African Lion 2024 comes shortly after a senior military representative from NATO visited senior military and defense officials in Tunisia.  

Additionally, the exercises commence under the shadow of the US’s planned withdrawal of troops from Chad and Niger in the Sahel where existing US military partnerships have withered under growing disenchantment with Western influence alongside active Russian diplomatic and military pressure. In early May, US defense official confirmed that Russian troops had begun to occupy the same base in Niger at which US troops were still posted. 

Outlook: 

The US-led exercises happen to align with a strategically significant realignment of influence in the Sahel and North Africa. African regimes have become impatient with both French and American partnerships as frustration with domestic economic and security challenges grow. 

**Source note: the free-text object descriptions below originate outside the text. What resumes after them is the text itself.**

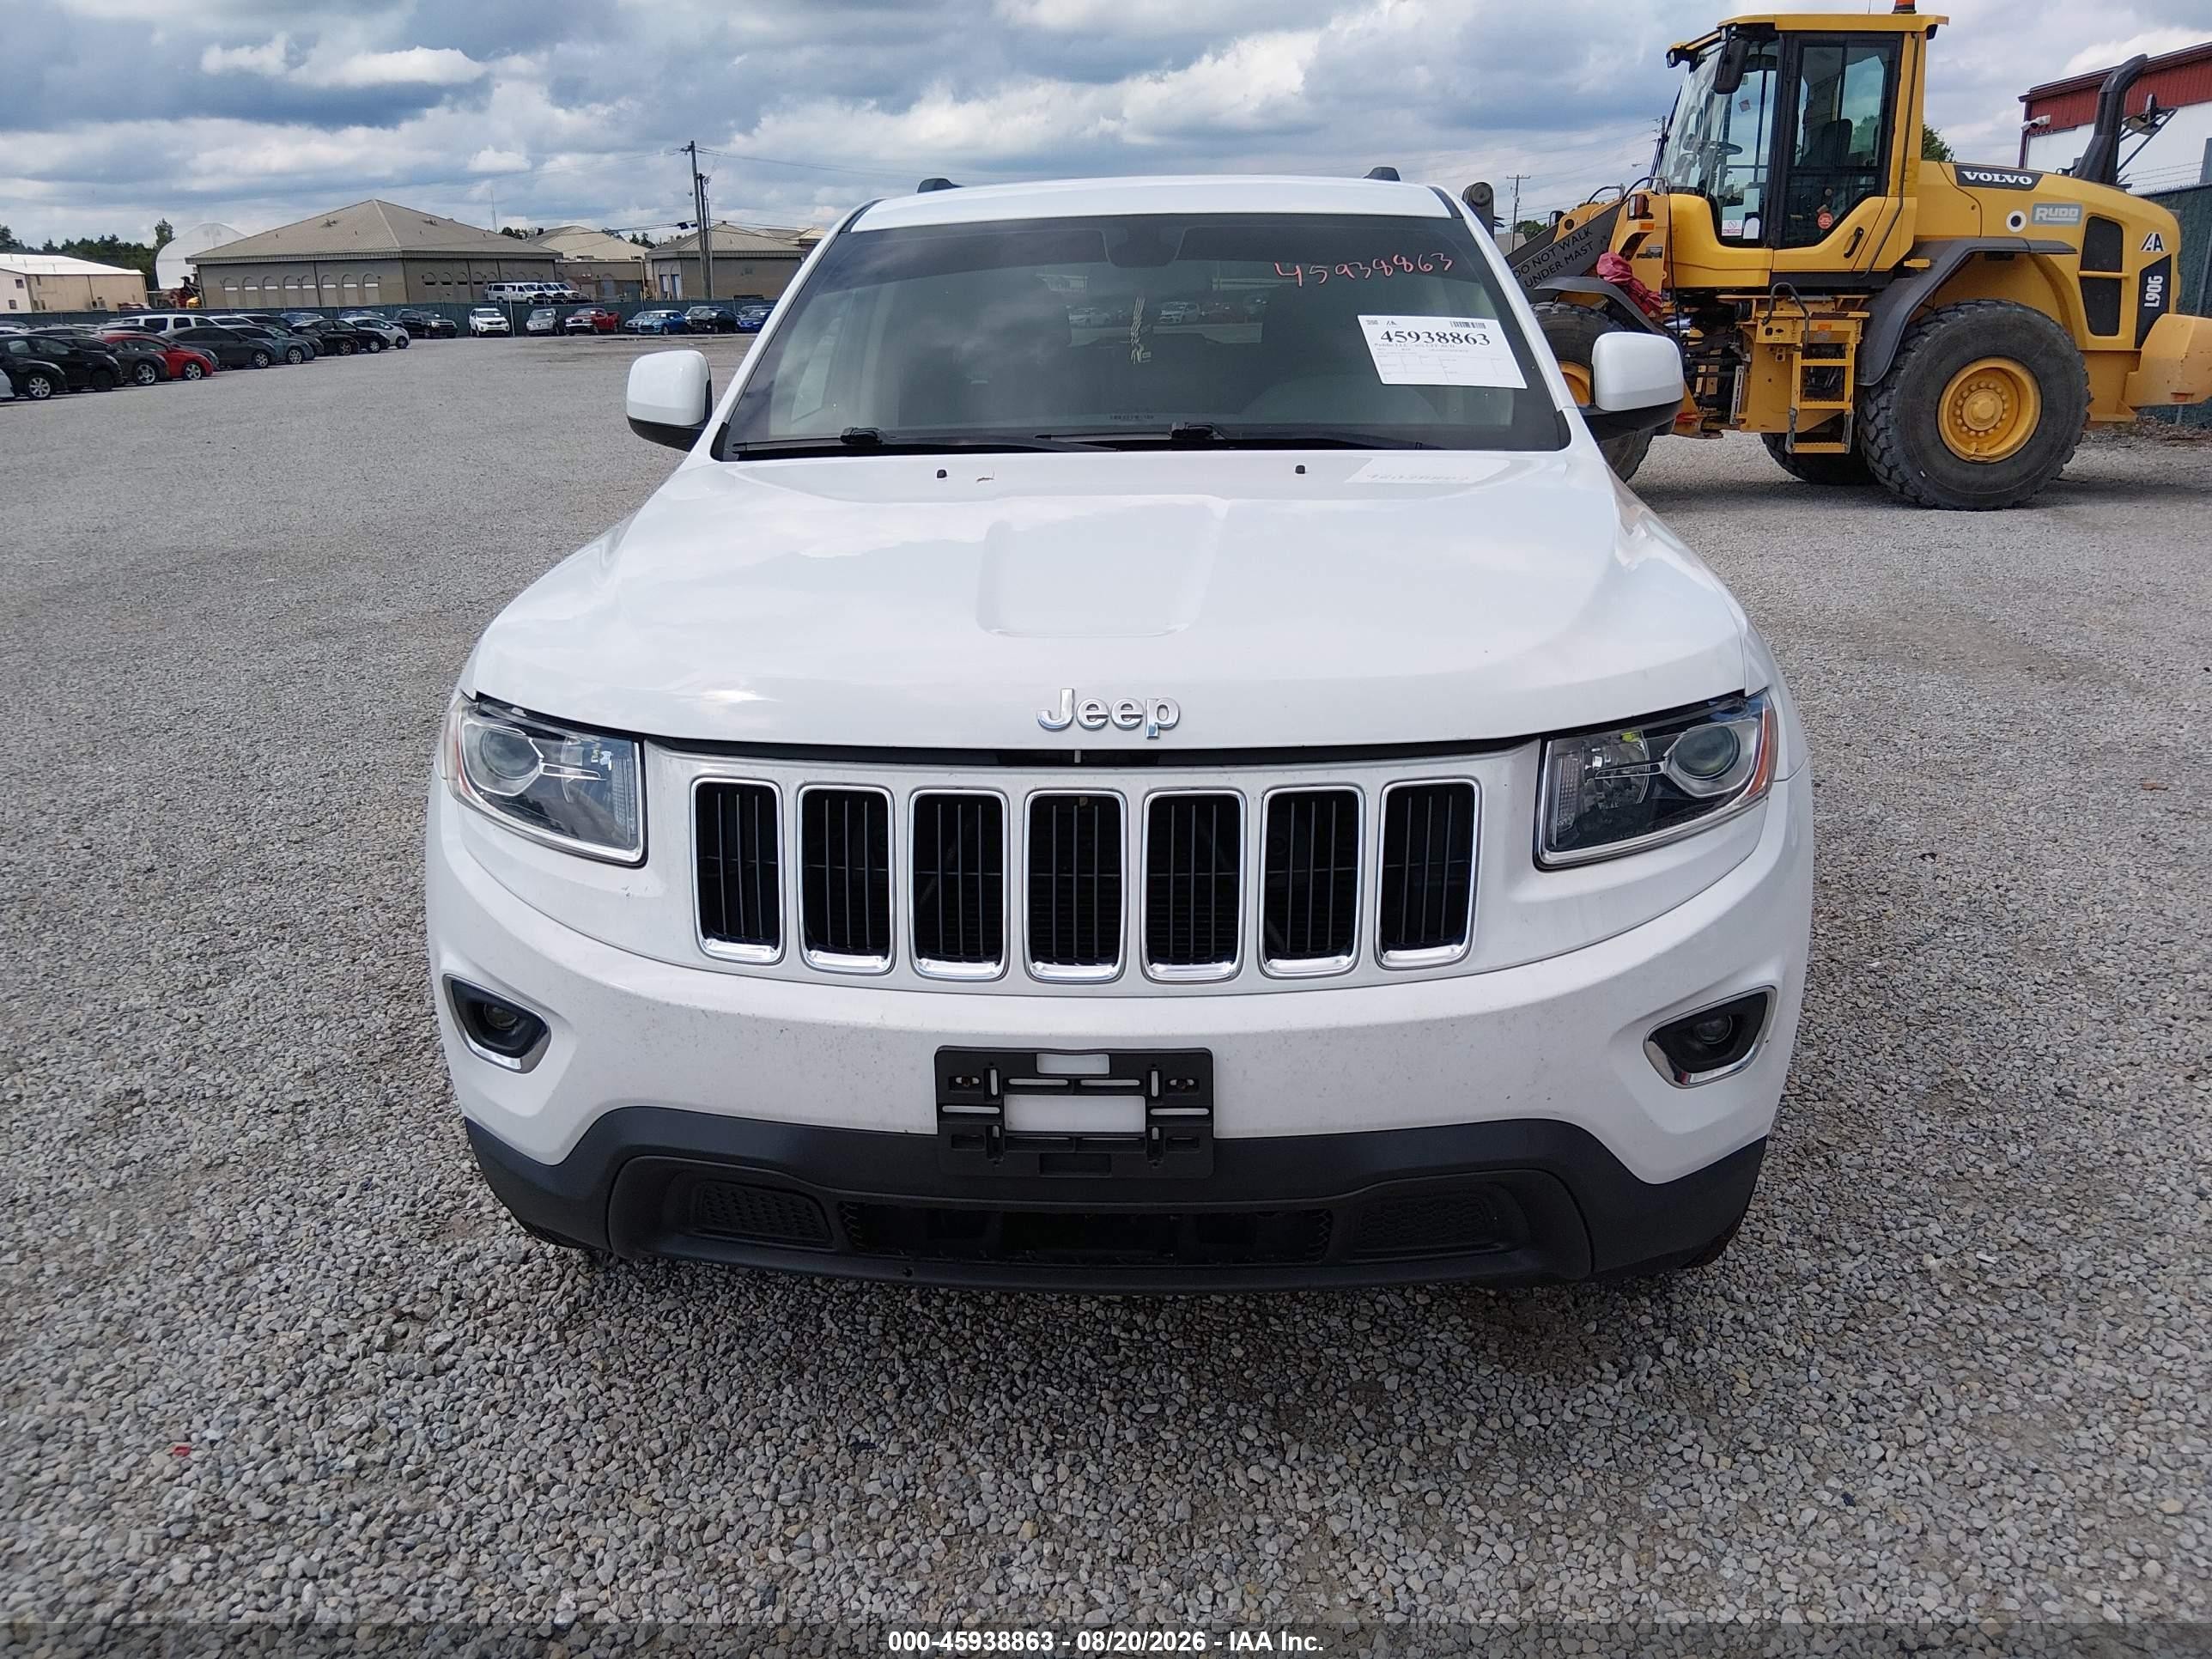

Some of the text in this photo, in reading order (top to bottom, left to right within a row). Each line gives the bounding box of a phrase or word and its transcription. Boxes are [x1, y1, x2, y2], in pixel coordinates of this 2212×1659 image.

[1960, 170, 2033, 185] VOLVO
[1274, 252, 1454, 287] 45938863
[1513, 227, 1593, 279] DO NOT WALK
[1524, 241, 1594, 288] UNDER MAST
[2144, 275, 2164, 307] L90G
[1380, 330, 1491, 346] 45938863
[1036, 687, 1181, 739] Jeep

As US troops conduct exercises in Tunisia and other African states, the US will coordinate withdrawals from strategic military outposts in Niger as well as from operational partnerships in Chad. At the same time, Russia is making inroads in the Sahel as well as in North Africa in Algeria and Libya. 

While African Lion 2024 is a pre-scheduled annual exercise, this year’s event carries more weight as the US looks to shore up existing partnerships and potentially incentivize partners that have proved more fleeting in recent months. However, Russia’s willingness to adapt more readily to the demands of African leaders, including the provision of weapons and troops, will be difficult for the US to compete with.